Peritoneal Cells Isolation
The peritoneal cavity was injected with 5 mL of ice-cold PBS and massaged gently, then the PLF was extracted and washed twice with PBS by centrifugation at 4˚C at 300×g for 10 minutes. The resulting pellet was suspended in 1ml ice-cold PBS.
Splenocytes Isolation
Mouse spleens were collected in ice-cold PBS and mechanically disrupted to obtain splenocytes. RBCs were lysed with RBC Lysis Buffer at room temperature and washed with PBS. Splenocytes were passage through an additional 40 μm filter, counted, and re-suspended in ice-cold PBS for further analysis.
Flow Cytometry
Cells were blocked for Fc receptors with anti-mouse CD16/32 antibodies. For surface staining, cells were stained on ice for 30 mins with the following fluorescent conjugated antibodies: fluorescein isothiocyanate (FITC)–anti-Ly6G (1A8, Biolegend), peridinin-Chlorophyll-Protein Complex (PerCP)-anti-Ly6C Abs (HK1.4, Biolegend), phycoerythrin (PE)-anti-CD11b (M1/70, Biolegend) or allophycocyanin (APC)–anti-CD11b (M1/70, Biolegend). Staining for intracellular iNOS with APC–anti-iNOS (CXNFT, ThermoFisher scientific) was performed after fixation and permeabilization of the cells with a Cytofix/cytoperm kit (BD). Neutrophils were identified as CD11b+Ly6G+, and monocytes were identified as CD11b+Ly6G-Ly6C+ (Supplementary Figures 1–4). For in vitro phagocytosis assays, peritoneal cells were incubated with PE-labeled Escherichia coli (Abcam) for 2 hours, then these cells were recollected and labeled with surface markers CD11b, Ly6G, and Ly6C to identify monocytes. For ROS detection, peritoneal cells were incubated in a complete medium containing 5μM/ml ROS Brite™ (AAT Bioquest) for 30 minutes 37℃and then was stained with surface markers CD11b, Ly6G, and Ly6C to identify monocytes. Flow cytometry analysis was performed using the BD Accuir C6 Plus cell analyzer (BD Biosciences).
Confocal Microscopy
Spleens were harvested and deposited in optimum cutting temperature compound, flash-frozen in liquid nitrogen. 5 μm-thick sections of the spleen were obtained and fixed in pre-cooled acetone for 20 min, blocked with 2% bovine serum albumin (BSA) for 30 min, and stained overnight at 4°C with Alexa Flour 660-anti-CD11b antibody (M1/70, Thermo Fisher Scientific). Tissue sections were washed and stained with a goat anti-rat IgG H&L preadsorbed fluorescent conjugated secondary antibody for 2 hours at room temperature. Sections were then washed three times in PBS, incubated with 4’,6-diamidino-2-phenylindole (DAPI) for 5 min before a final wash in PBS, and mounted with Prolong Gold antifade reagent (Invitrogen). Stained sections were imaged on a Zeiss LSM 800 confocal microscope with a Hamamatsu ORCA–ER CCD camera, data were analyzed by Zen software.
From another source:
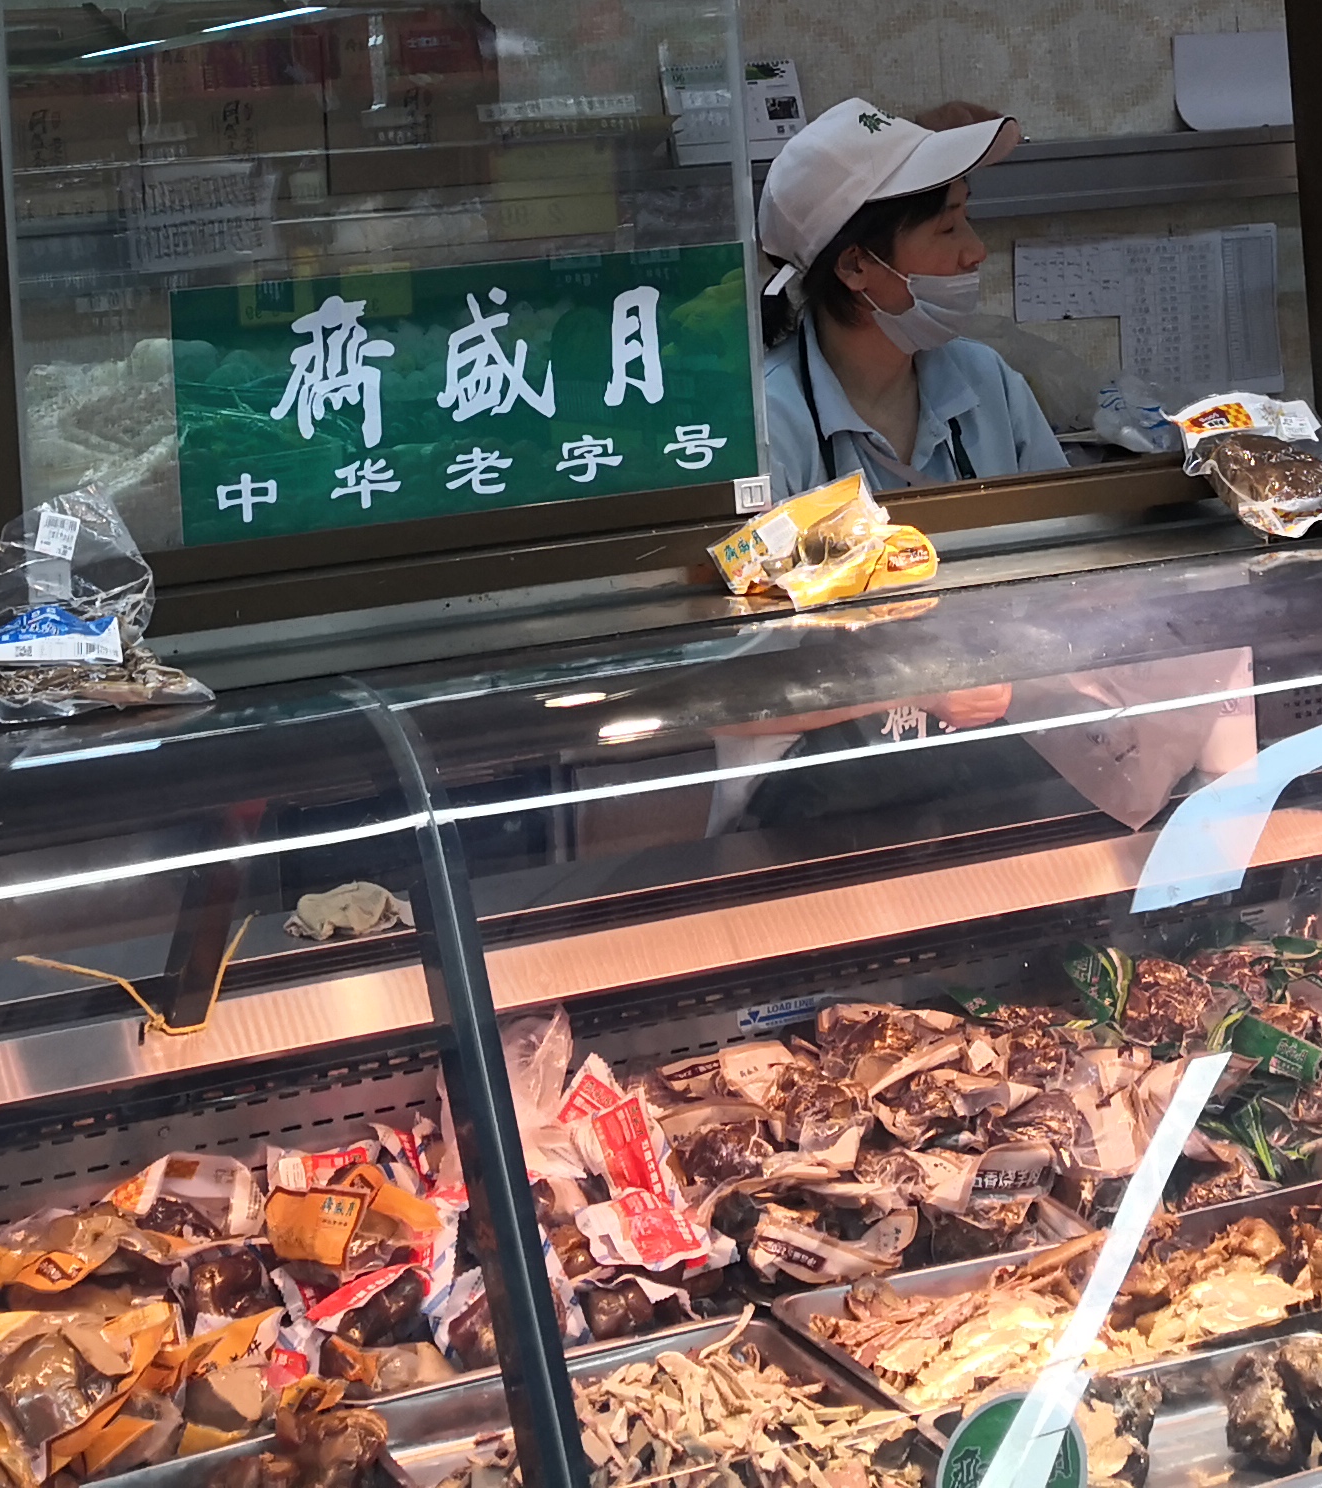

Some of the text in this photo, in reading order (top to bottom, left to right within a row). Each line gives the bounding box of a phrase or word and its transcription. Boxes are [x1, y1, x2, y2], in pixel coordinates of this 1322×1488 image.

Assessment of Cytokine Levels
Plasma and PLF were collected at indicated time points and analyzed using tumor necrosis factor (TNF) and interleukin 6 (IL-6) enzyme-linked immunosorbent assay (ELISA) kits (DAKEWE).
Histopathologic Evaluation
Lung and liver samples were obtained at 30h after the CLP procedure. The collected samples were fixed in 4% paraformaldehyde, paraffin-embedded, and stained with hematoxylin and eosin(H&E). As previously described (20, 21), histological characteristics were assessed and scored under a light microscope, and the sum scores were calculated to determine injury scores.
Bacterial Culture
PLF and blood samples for bacterial culture were obtained at indicated time pinots after CLP. These specimens were subjected to serially 10-fold dilution and cultured on Trypticase Soy Agar plates with 5% sheep blood at 37˚C for 24h. The numbers of bacteria colonies were calculated and expressed as Colony-forming units (CFUs) per milliliter.
Statistical Analysis
All data were analyzed using GraphPad Prism software (GraphPad software). Except for CFUs, all values are expressed as mean ± SEM. Data were analyzed using a 2-tailed t-test. Differences among groups in bacterial CFU were compared using the nonparametric Mann–Whitney U test. Survival curves were analyzed using the log-rank test. A p-value of <0.05 was accepted as statistically significant.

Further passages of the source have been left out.